I think going to have chat with butcher on weekend.

also discuss with husband if we can eat more veg and go farmshop more.

With 3young children I like to know what im feeding them.

Guess huge grey area for everyone is eating out/takeways.
ready meals-where does meat come from then?

TinyDancingHoofer Wed 16-Jan-13 00:01:09

I have horses, i would eat horse but i would want to know it was free range or organic, nicely raised. But would also have massive issue eating something that came from somewhere that so badly mixes up its ingredients. Horse meat is generally more expensive than beef i thought? So that's weird for them to put a better ingredient in.

If people can't trust tesco for what meat they are eating, how can allergy sufferers trust them? Correct labelling in food is a serious health issue.

Naoko Wed 16-Jan-13 00:18:54

I have eaten horse (knowingly), I don't have a problem with eating horse, but if I buy a beef burger I expect it to be made with beef. Not horse. There's a clear food safety problem here if there are things in the supply chain that shouldn't be there, and that's why this is appalling.

ripsishere Wed 16-Jan-13 00:39:05

IMO, horse is the same as cow, pig and sheep and chicken. I don't eat much meat and certainly avoid processed stuff.
I have knowingly eaten horse. It is much more iron-y as someone else said upthread.
I've also eaten dog. Not knowingly.

theplodder Wed 16-Jan-13 04:51:15

kangaroo is revolting and whilst a lean meat very unhygenically produced. there are serious welfare and hygene issues , the trade should be banned. indeed imports are banned in many countries . avoid.

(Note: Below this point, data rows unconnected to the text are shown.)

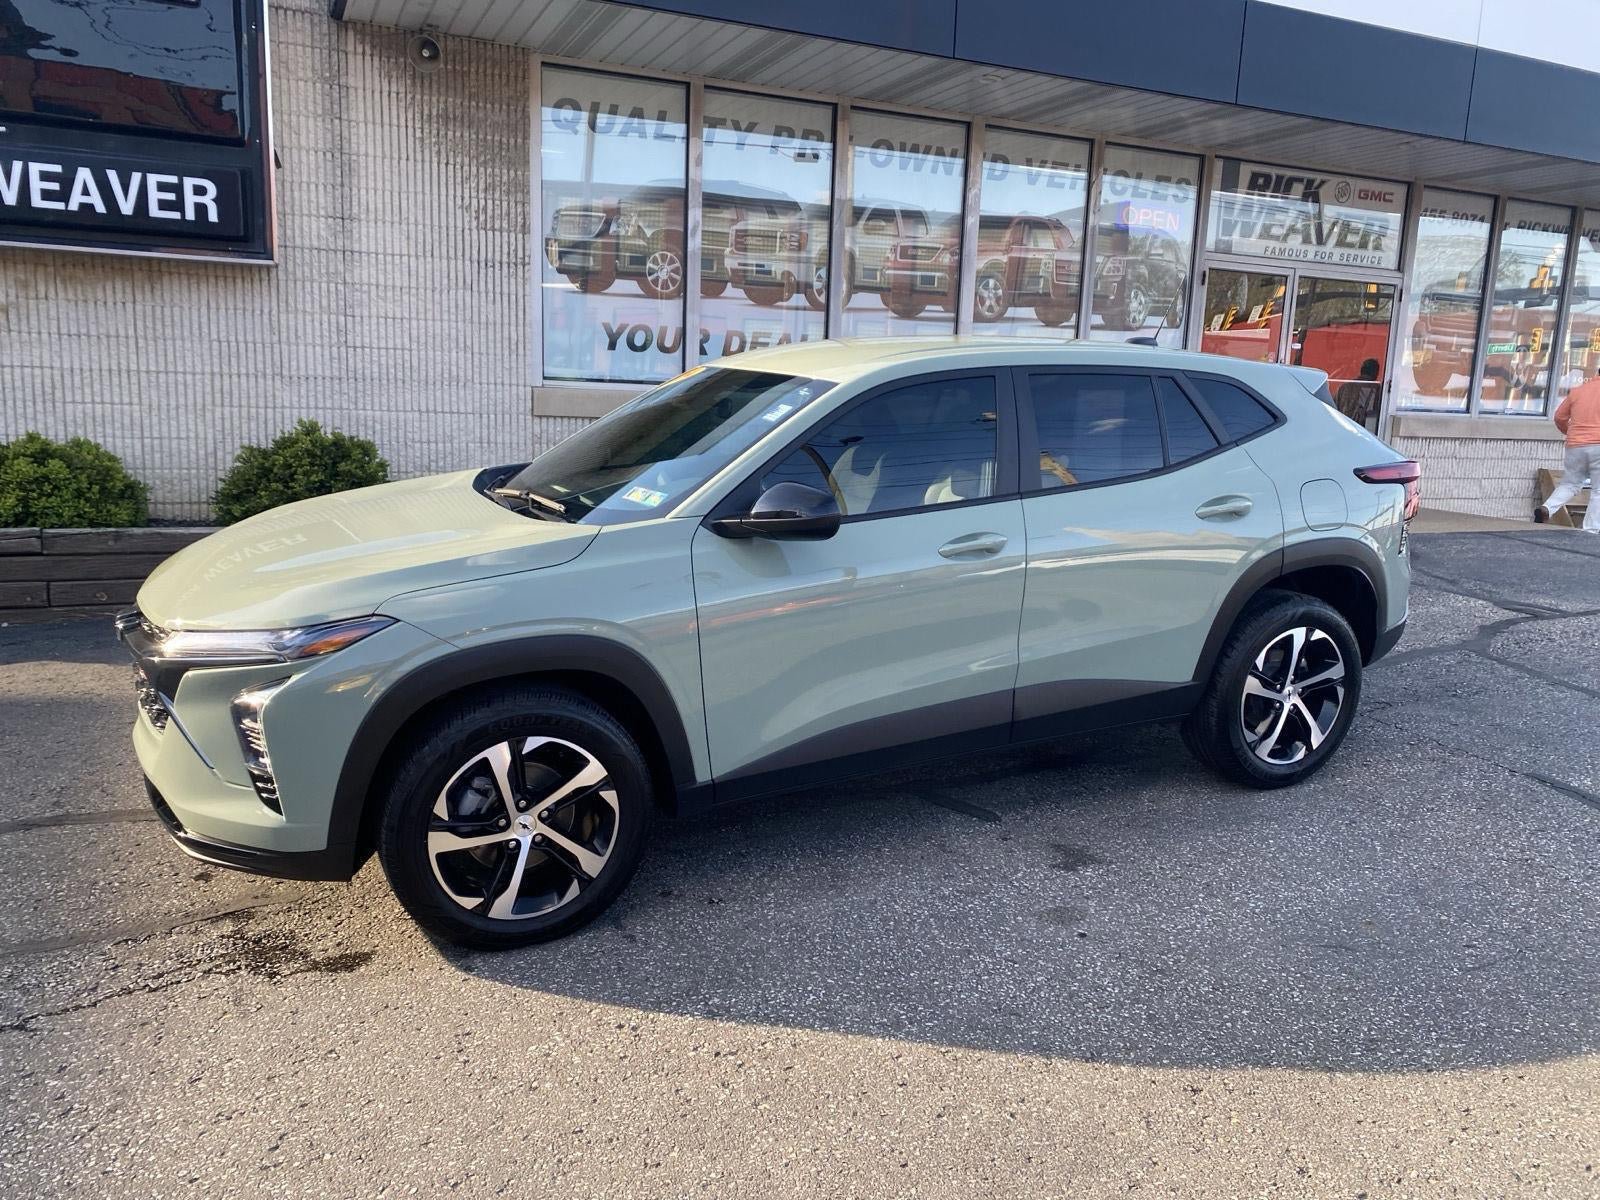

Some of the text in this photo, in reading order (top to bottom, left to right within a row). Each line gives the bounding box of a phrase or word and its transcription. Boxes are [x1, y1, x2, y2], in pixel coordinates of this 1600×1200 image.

[551, 98, 1192, 204] QUALTY PR-OWND VEHCLES
[1246, 171, 1328, 204] RICK
[1357, 188, 1395, 203] GMC
[1122, 207, 1180, 231] OPEN
[1263, 246, 1383, 265] FAMOUS FOR SERVICE
[602, 322, 809, 357] YOUR DEA
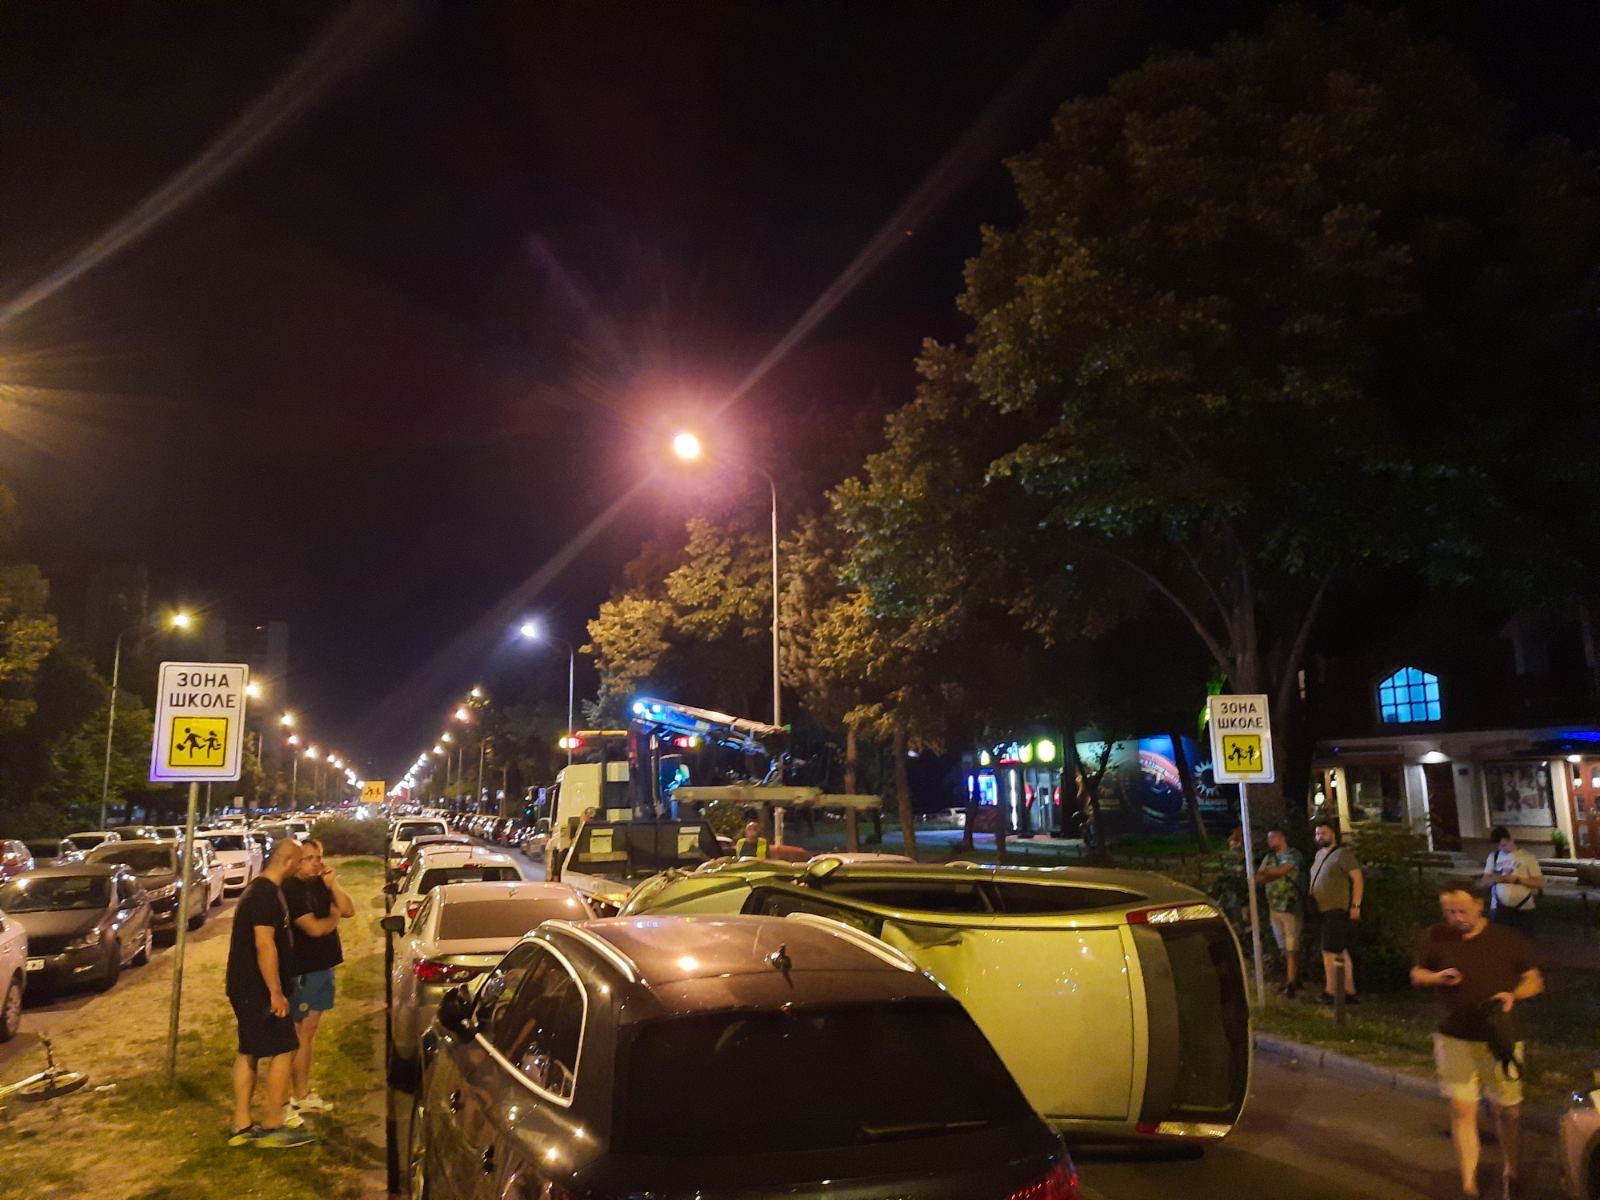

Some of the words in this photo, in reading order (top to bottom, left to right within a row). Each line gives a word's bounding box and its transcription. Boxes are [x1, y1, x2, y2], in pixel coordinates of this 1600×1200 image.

feministefatale Wed 16-Jan-13 05:16:21

Doesn't really matter if you would happily eat other meats, if something says "beef" on the packaging... it should contain beef.

sleepywombat Wed 16-Jan-13 05:42:21

I would expect 'value' meat products to contain all sorts of shit - fillers, preservatives, starches, chemical residues, sugars etc etc. Horse would be the least of my worries!

I've had horse in France several times, think its ok, not my favourite meat. My dad ate dog in Korea & guinea pig in Peru - said the former was horrible & the latter fine but not worth the effort (lots of bones, not much meat).

MrsMushroom Wed 16-Jan-13 05:47:58

why would ANYONE buy those when you can get a packet of mince for a couple of quid and make your own?

V disturbed by the term "meat slurry" Joan

Ericaequites Wed 16-Jan-13 05:58:40

Read Upton Sinclair's The Jungle. It's free on Project Gutenberg. The novel describes abuses in the slaughterhouse industry a century ago. The pink slime slurry in the US and this Tesco report show things have not improved as much as they should have. The book is a great argument for becoming a vegetarian.
I would not eat horsemeat, but it is not generally obtainable here.

minibmw2010 Wed 16-Jan-13 06:50:10

They've removed them off the shelves now claiming they didn't know.

If its in the burger ur should be listed. Simple! People can eat all they want once they have enough info to Make their decision. What about people of different religions who aren't supposed to eat certain foods. Some of us could shrug it off but for some it could he a major ethical dilemma. Plus where did the horse come from. We don't eat horse routinely in this country?